Records from a collection:

::::::

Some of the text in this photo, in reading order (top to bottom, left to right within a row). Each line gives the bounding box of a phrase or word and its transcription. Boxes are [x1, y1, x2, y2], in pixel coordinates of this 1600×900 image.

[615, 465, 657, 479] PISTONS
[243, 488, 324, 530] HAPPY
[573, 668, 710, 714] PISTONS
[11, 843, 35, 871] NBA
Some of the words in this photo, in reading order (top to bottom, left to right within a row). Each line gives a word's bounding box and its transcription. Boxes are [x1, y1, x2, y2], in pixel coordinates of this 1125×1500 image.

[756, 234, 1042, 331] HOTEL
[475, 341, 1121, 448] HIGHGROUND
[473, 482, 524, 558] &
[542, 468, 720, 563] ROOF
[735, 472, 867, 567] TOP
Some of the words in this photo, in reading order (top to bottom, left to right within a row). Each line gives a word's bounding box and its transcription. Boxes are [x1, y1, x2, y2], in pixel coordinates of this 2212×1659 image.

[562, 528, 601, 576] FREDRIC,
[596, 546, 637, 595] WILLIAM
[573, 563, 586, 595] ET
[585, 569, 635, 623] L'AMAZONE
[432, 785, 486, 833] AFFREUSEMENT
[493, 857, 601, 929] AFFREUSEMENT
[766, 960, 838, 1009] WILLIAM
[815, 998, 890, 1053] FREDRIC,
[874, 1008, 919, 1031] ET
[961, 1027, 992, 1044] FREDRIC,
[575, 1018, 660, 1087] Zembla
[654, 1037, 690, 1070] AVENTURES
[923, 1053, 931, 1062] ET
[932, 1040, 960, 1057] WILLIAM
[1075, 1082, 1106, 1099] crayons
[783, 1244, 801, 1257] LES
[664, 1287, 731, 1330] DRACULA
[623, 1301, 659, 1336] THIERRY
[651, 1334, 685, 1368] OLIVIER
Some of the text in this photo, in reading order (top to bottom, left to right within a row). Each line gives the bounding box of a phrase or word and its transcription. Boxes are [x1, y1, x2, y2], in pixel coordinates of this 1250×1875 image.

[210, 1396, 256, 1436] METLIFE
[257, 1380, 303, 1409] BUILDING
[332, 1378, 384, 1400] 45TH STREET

::::::

_Activity_
Every line of the data above should be reproduced word for word.

_Solved exercise_
Some of the text in this photo, in reading order (top to bottom, left to right within a row). Each line gives the bounding box of a phrase or word and its transcription. Boxes are [x1, y1, x2, y2], in pixel coordinates of this 1600×900 image.

[615, 465, 657, 479] PISTONS
[243, 488, 324, 530] HAPPY
[573, 668, 710, 714] PISTONS
[11, 843, 35, 871] NBA
Some of the words in this photo, in reading order (top to bottom, left to right within a row). Each line gives a word's bounding box and its transcription. Boxes are [x1, y1, x2, y2], in pixel coordinates of this 1125×1500 image.

[756, 234, 1042, 331] HOTEL
[475, 341, 1121, 448] HIGHGROUND
[473, 482, 524, 558] &
[542, 468, 720, 563] ROOF
[735, 472, 867, 567] TOP
Some of the words in this photo, in reading order (top to bottom, left to right within a row). Each line gives a word's bounding box and its transcription. Boxes are [x1, y1, x2, y2], in pixel coordinates of this 2212×1659 image.

[562, 528, 601, 576] FREDRIC,
[596, 546, 637, 595] WILLIAM
[573, 563, 586, 595] ET
[585, 569, 635, 623] L'AMAZONE
[432, 785, 486, 833] AFFREUSEMENT
[493, 857, 601, 929] AFFREUSEMENT
[766, 960, 838, 1009] WILLIAM
[815, 998, 890, 1053] FREDRIC,
[874, 1008, 919, 1031] ET
[961, 1027, 992, 1044] FREDRIC,
[575, 1018, 660, 1087] Zembla
[654, 1037, 690, 1070] AVENTURES
[923, 1053, 931, 1062] ET
[932, 1040, 960, 1057] WILLIAM
[1075, 1082, 1106, 1099] crayons
[783, 1244, 801, 1257] LES
[664, 1287, 731, 1330] DRACULA
[623, 1301, 659, 1336] THIERRY
[651, 1334, 685, 1368] OLIVIER
Some of the text in this photo, in reading order (top to bottom, left to right within a row). Each line gives the bounding box of a phrase or word and its transcription. Boxes are [x1, y1, x2, y2], in pixel coordinates of this 1250×1875 image.

[210, 1396, 256, 1436] METLIFE
[257, 1380, 303, 1409] BUILDING
[332, 1378, 384, 1400] 45TH STREET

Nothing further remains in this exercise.